Bishop’s Stortford Through Time – a progress update

Hmmm – nearly two months since my last post on this blog.  Sorry, that’s really not good enough of me.  However, my writing is continuing frantically away in the background whilst I work my forthcoming book Bishop’s Stortford Through Time for Amberley Publishing.

I’m also writing a monthly post on Worldwide Genealogy – a collaboration of genealogists and local historians from all round the world. On that blog, I have been posting articles about my paternal grandmother’s family, the Gurney family of South London. You may be interested in reading my posts

– Who do you think they were?
– Family History Show and Tell
– Family History is like a box of chocolate – you never know what you’re going to get

My work on Bishop’s Stortford Through Time is going very well.  If you live in the area and are around on a Sunday morning, you will see myself and my husband walking the length and breadth of the town and river, taking photographs for the book.  Mind you, you will have to get up extra early, as we’ve discovered that the only time the roads are safe enough to take photos is very early on a Sunday morning!  A couple of times my husband has had to stand in the middle of what were once sleepy rural country roads but are now super-fast highways, where he has had to take his life into his hands for my precious book. Hockerill crossroads and the Causeway to name just two roads which were once sleepy quiet backwaters but now have lorries, cars and other assorted vehicles thundering through on them.

So, now for an update on my book:-

I have to write 96 pages comprising of 90 vintage postcards alongside 90 modern-day photographs.  Having exhausted that well-known internet auction site (plus several others not so well known), and plundered the stocks of my local friendly postcard dealer at Battlesbridge Antiques Centre, I now have 75 postcards to be used in my book.

So I am missing an elusive 15 postcards…

Can you help me?  I am looking for postcards (preferably pre-1920) particularly of the following areas of Bishop’s Stortford.  If you are out and about at antique fairs during these beautiful Spring weekends, please keep a look out for me.

– Bishop’s Stortford train station (or trains in the station)

– South Street by the publisher Wrench (or any postcards of South Street except any which show the Methodist Chapel)

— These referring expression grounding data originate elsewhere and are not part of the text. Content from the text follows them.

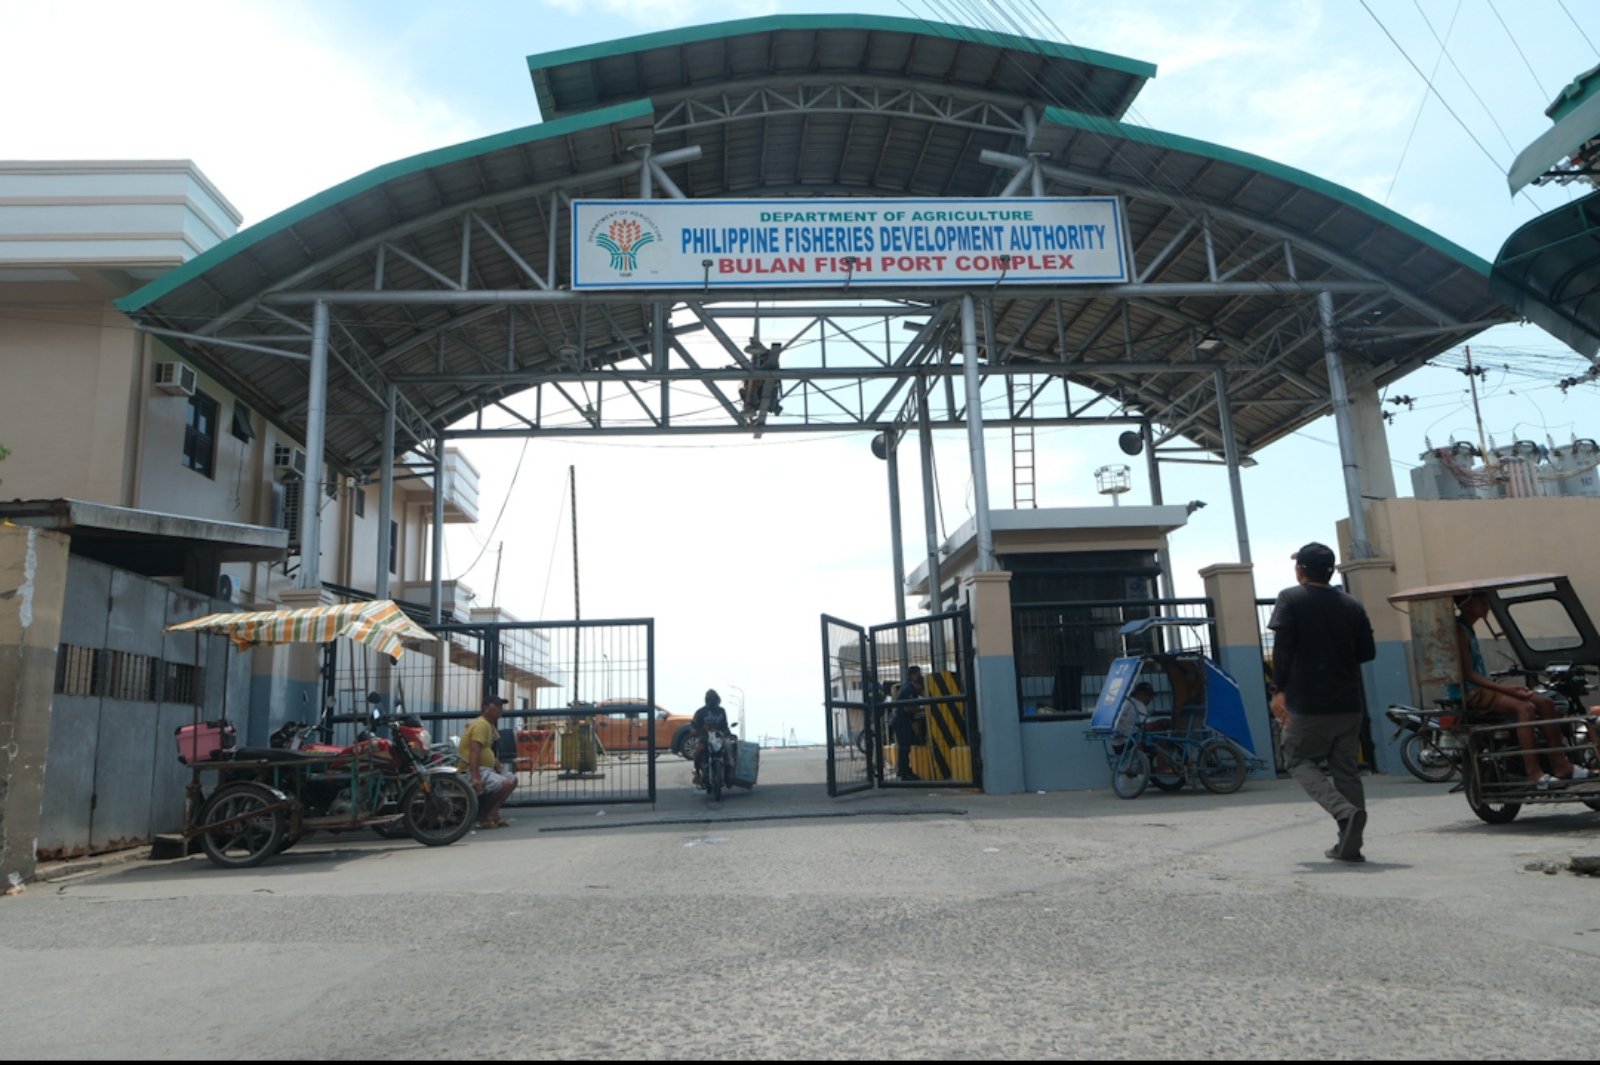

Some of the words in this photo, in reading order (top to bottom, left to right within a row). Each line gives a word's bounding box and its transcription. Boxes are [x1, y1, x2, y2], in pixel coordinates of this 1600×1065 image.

[760, 212, 877, 223] DEPARTMENT
[883, 211, 905, 222] OF
[911, 210, 1033, 222] AGRICULTURE
[681, 227, 779, 254] PHILIPPINE
[785, 226, 875, 252] FISHERIES
[880, 225, 1004, 252] DEVELOPMENT
[1010, 224, 1106, 251] AUTHORITY
[718, 257, 805, 274] BULAN
[815, 256, 872, 273] FISH
[881, 256, 947, 272] PORT
[955, 254, 1075, 271] COMPLEX

– South Road – particularly the almshouses (but not the Rhodes Museum)

– Holy Trinity Church, South Street

– The Workhouse

– The Corn Exchange

– Market Square

– The Cemetery

– Any roads in Newtown (eg Portland Road, Apton Road)

– Any real photographs of The Wharf or the Hockerill Cut (real photographs only though)

And here’s one I found earlier… A photograph by Bishop’s Stortford photographers H & A Gurton (who were active during the First World War).  I do not know what the uniform is – someone has suggested that it could be a Sunday School uniform.  If you know, please do drop me an email.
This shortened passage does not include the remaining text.